Les entreprises doivent être tenues de mettre en œuvre des mesures de prévention et de réparation des dommages environnementaux, incluant la réhabilitation des sites après exploitation.
Des indemnisations justes pour les populations affectées sont une nécessité absolue. Il faut garantir des compensations équitables pour les pertes agricoles, les déplacements forcés et les impacts sur la santé des habitants.
Un mécanisme de suivi environnemental et social indépendant avec la mise en place de comités comprenant des représentants des collectivités territoriales , des ONG et des experts qui doivent être créés pour veiller au respect des engagements pris.
Des investissements dans les infrastructures locales sont aussi importants et les profits générés par l’exploitation des ressources doivent être en partie réinvestis dans le développement des zones concernées (routes, écoles, hôpitaux, accès à l’eau potable).
Il faut, donc, un partage équitable des revenus. L’État doit revoir les accords financiers pour s’assurer que les ressources naturelles profitent en priorité aux Sénégalais.
Un appel à la souveraineté sur nos ressources
Ces zones ne doivent plus être les victimes silencieuses d’une exploitation effrénée.

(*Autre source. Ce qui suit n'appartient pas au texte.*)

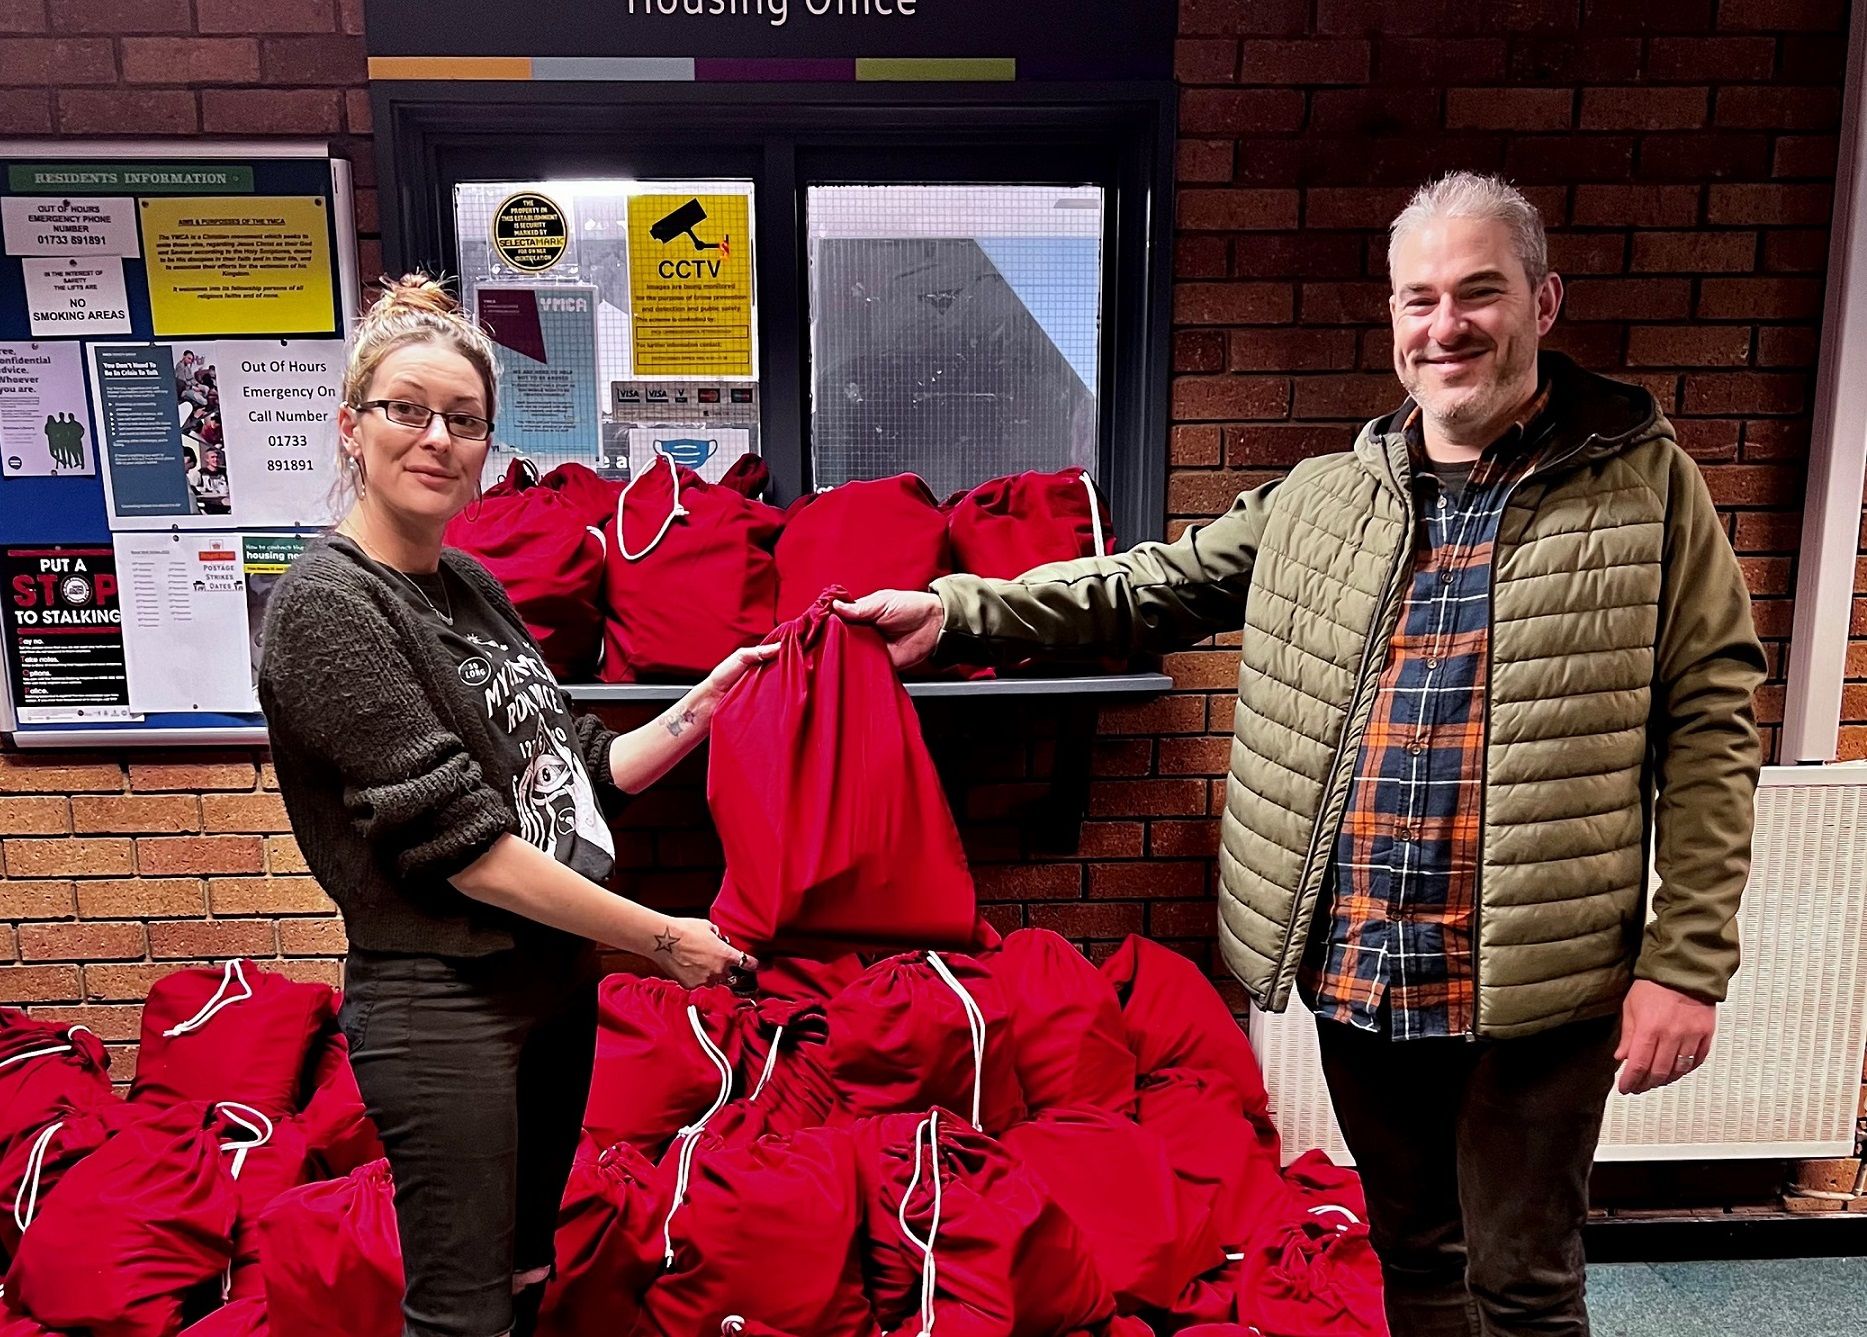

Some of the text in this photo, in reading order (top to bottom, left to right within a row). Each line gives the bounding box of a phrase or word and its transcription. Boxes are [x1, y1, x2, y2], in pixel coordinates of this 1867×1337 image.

[34, 172, 226, 184] RESIDENTS INFORMATION
[37, 205, 100, 214] OUT OF HOURS
[28, 216, 81, 224] EMERGENCY
[53, 225, 89, 233] NUMBER
[37, 235, 107, 245] 01733 891891
[499, 237, 565, 247] SELECTAMARK
[658, 260, 721, 278] CCTV
[69, 298, 86, 308] NO
[540, 297, 587, 312] YMCA
[33, 310, 125, 321] SMOKING AREAS
[0, 356, 51, 365] onfidential
[0, 366, 29, 374] dvice.
[241, 360, 327, 373] Out Of Hours
[242, 385, 335, 400] Emergency On
[248, 410, 328, 422] Call Number
[268, 435, 307, 447] 01733
[267, 459, 314, 471] 891891
[246, 551, 285, 561] housing
[40, 558, 87, 572] PUT A
[14, 609, 121, 625] TO STALKING

Les ressources naturelles, patrimoine commun du Sénégal, doivent être gérées de manière à garantir un développement durable et inclusif, respectueux des droits des populations et de l’environnement.
Renégocier ces contrats est, non seulement, une question de justice sociale, mais, également, un impératif pour préserver l’équilibre écologique et construire un avenir prospère pour toutes les générations sénégalaises.